By Banafsheh Esmaili

Taliban accepts Afghan government's ceasefire: sparking peace or false hopes?

June 20, 2018

TEHRAN - A few days ago, in an unprecedented attempt, Taliban announced ceasefire with the Afghan government in the first three days of Eid Fitr, the holiday that caps off Ramadan.

It is the first time in nearly 17 years of conflict that the militants have declared a ceasefire, albeit a limited one.

The Taliban had never responded to any of the Afghan government's reconciliation requests. The Taliban's reaction has always been that Kabul does not have the legitimacy to make decisions, and they want to negotiate with Americans. However, this time round, the announcement of a cease-fire by the Taliban has surprised many, and the initiative is described as a turning point in the Taliban's policy.

Calling the 3-day Taliban Eid ceasefire a good message for peace, former Taliban Ambassador to Pakistan, Abdul Salam Zaeef calling on the Afghan government and the Taliban leadership to extend the ceasefire for 3 months.

The group failed to point to the Afghan government's 8-day ceasefire in announcing its decision, which means that the Taliban's decision may have been taken only to improve the image of the group. In principle, there is no step in the direction of peace, the inspiration that Ashraf Ghani and religious scholars who are attending the Kabul Summit believe.

Experts believe, Taliban's decision is sheer propaganda and demagoguery, as the group carried out bloody attacks after the ceasefire period during the eid.
  Others say, the announcement of Taliban’s ceasefire acts as a “glimmer of hope” in the darkness. Afghanistan High Peace Council (HPC), a body created to end the ongoing war in Afghanistan, has called the Taliban a green light for peace.

The current chairman of the council Mohammad Akram Khpalwak has expressed hope that the location and date of talks between the Afghan government and the Taliban will soon be announced. A senior Taliban commander, Abdul Salam Rocketi described the temporary ceasefire as a golden opportunity, after which the two sides would be keen on a cease-fire, which can lead to a peace agreement between the Taliban and Afghan government.

Some political experts who are aware of the internal affairs of the Taliban also announced that the Taliban's move is indicative of the fact that the group did not just think of war, but also of peace. Secondly, the Taliban have not fully responded to the Afghan government’s request. Instead of suggested 8 days of ceasefire, the Taliban took 3 days. Third, the Taliban's move is to send a kind of good-faith message to Washington that the group is about to negotiate with the Afghan government if the U.S. forces decide to leave Afghanistan.

Meanwhile, Pakistani sources announced that the Taliban's unexpected ceasefire was the result of a joint U.S.-Pakistani effort.
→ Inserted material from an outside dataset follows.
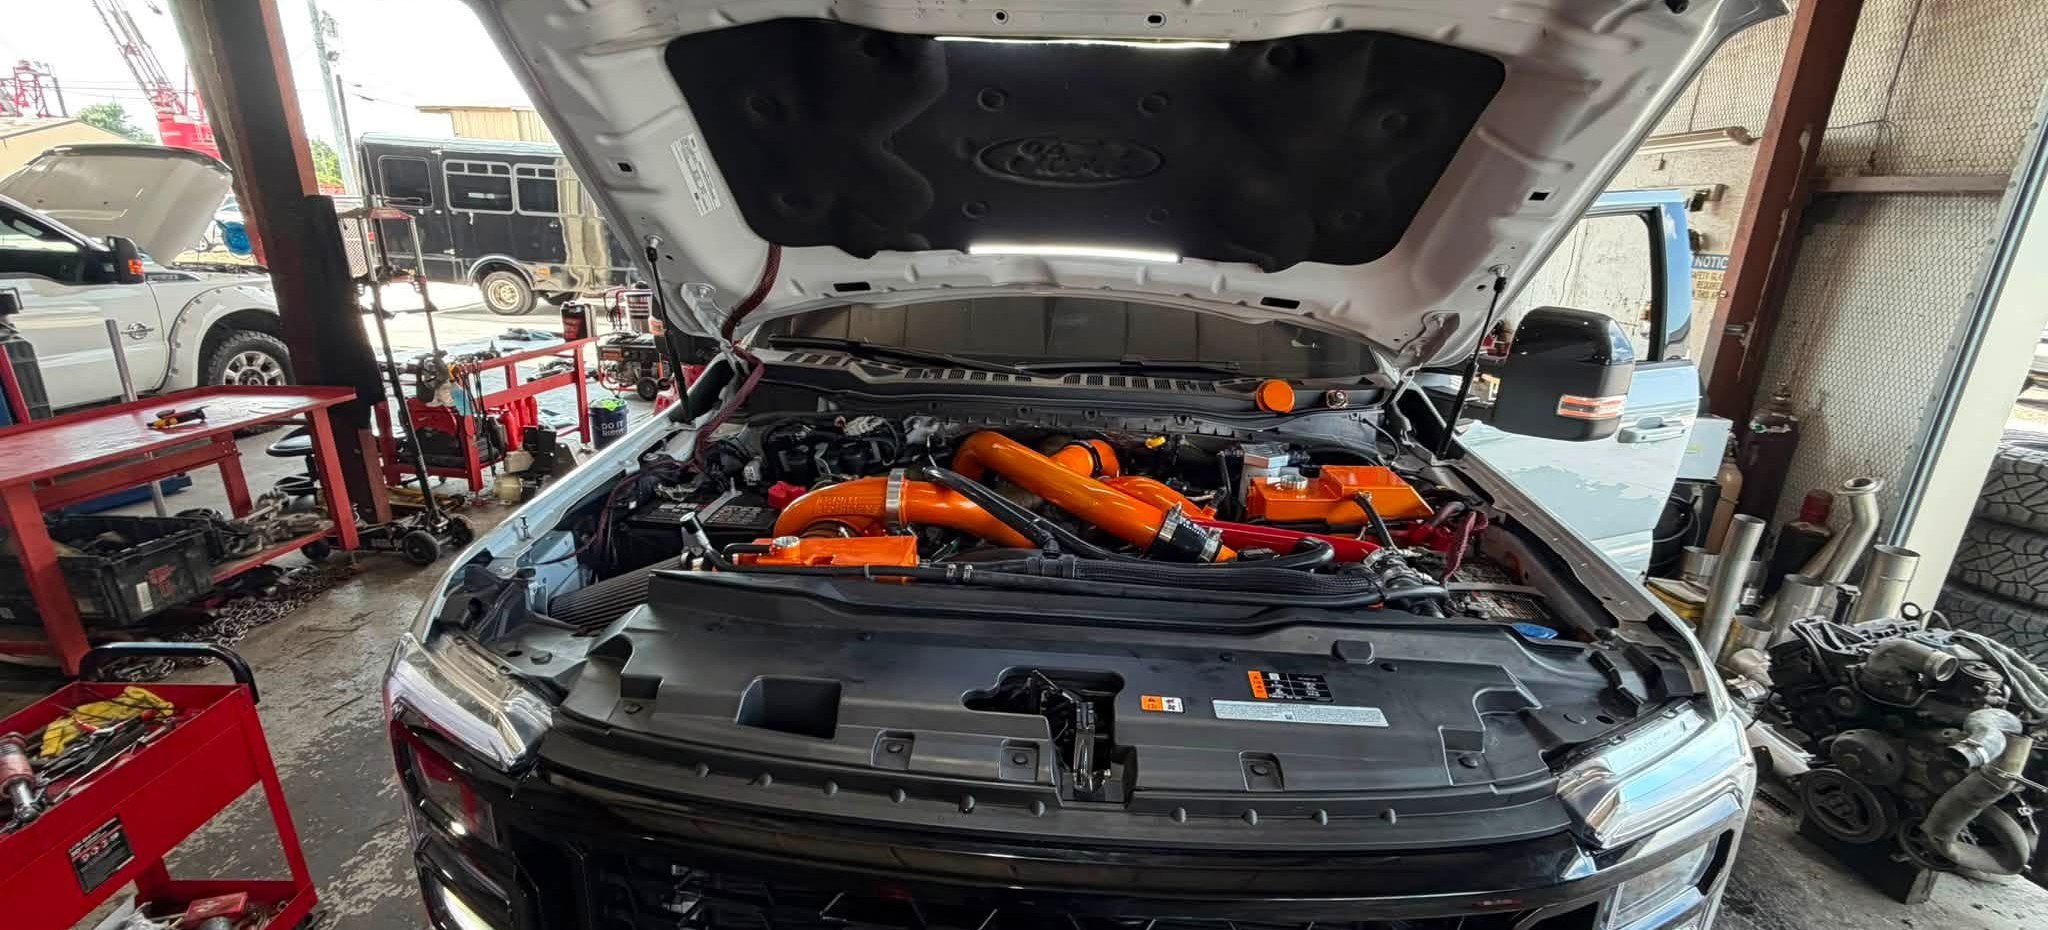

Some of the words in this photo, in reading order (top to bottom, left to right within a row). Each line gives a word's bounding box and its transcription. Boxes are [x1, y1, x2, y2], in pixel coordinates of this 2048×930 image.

Lisa Curtis, a deputy assistant to U.S. President Donald Trump and senior director for South and Central Asia at the National Security Council, has explained the U.S. is pursuing “multiple lines of effort” to promote Afghan peace. At a seminar Thursday in Washington, she said an important component of the effort is to ensure that Pakistan plays “a constructive role” in it.

“We have asked for Pakistan’s assistance in facilitating a peace process and we have sought to understand Pakistan’s own core security concerns and ensure that its interests are taken into account in any peace process,” Curtis said, while speaking at the U.S. Institute of Peace.

"In support of the Afghan government's initiative, NATO's Resolute Support Mission and U.S. forces in Afghanistan will respect the ceasefire, as it applies to the Taliban," said U.S. Secretary of State Mike Pompeo. If the insurgents do not attack them, there won’t be a strike by the international forces, he added.

Four months ago, the Afghan government administration offered the most tempting peace plan to the Taliban. Based on the scheme, talks will be held unconditional, the Taliban will be recognized as a political group, prisoners of the group will be released and Taliban leaders will be removed from the UN blacklist. The Taliban's response was that Kabul was actually trying to surrender in an “excuse for peace”. Mohammad Karim Khalili, the current chairman of the Afghan High Peace Council said peace was not to surrender to the Taliban.

At the end of the ceasefire period, it will be clear who took advantage of the opportunity for a lasting peace. Although it is expected that the Afghan government will tend to prolong the cease-fire, the same tendency won’t hold true for the Taliban.